> THE PROBLEM: In full and exactly, reproduce the entries below, but omit the pictures.

○ ○ ○ ○

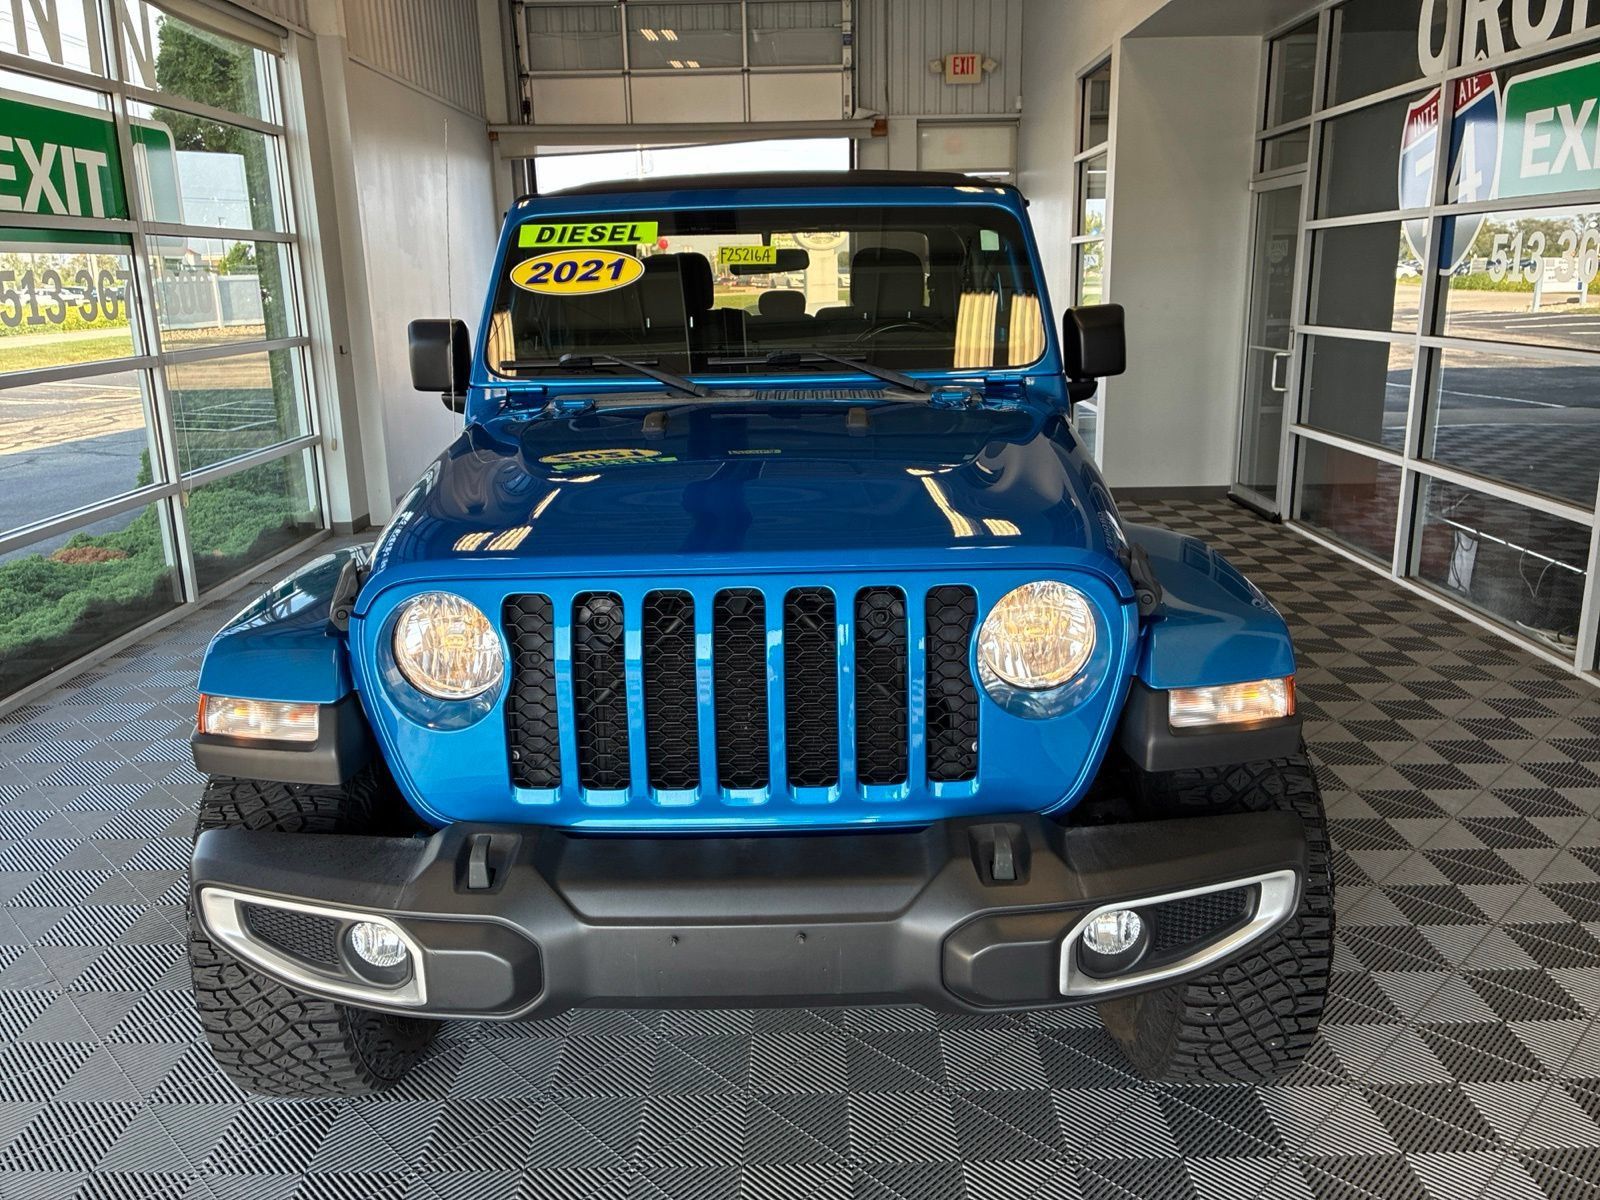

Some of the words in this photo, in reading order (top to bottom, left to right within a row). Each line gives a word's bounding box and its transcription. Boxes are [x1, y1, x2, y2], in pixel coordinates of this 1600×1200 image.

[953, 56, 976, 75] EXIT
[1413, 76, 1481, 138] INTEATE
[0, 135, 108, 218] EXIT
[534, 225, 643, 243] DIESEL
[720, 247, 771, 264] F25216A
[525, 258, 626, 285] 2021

○ ○ ○ ○

> ANSWER TO THIS TASK:
Some of the words in this photo, in reading order (top to bottom, left to right within a row). Each line gives a word's bounding box and its transcription. Boxes are [x1, y1, x2, y2], in pixel coordinates of this 1600×1200 image.

[953, 56, 976, 75] EXIT
[1413, 76, 1481, 138] INTEATE
[0, 135, 108, 218] EXIT
[534, 225, 643, 243] DIESEL
[720, 247, 771, 264] F25216A
[525, 258, 626, 285] 2021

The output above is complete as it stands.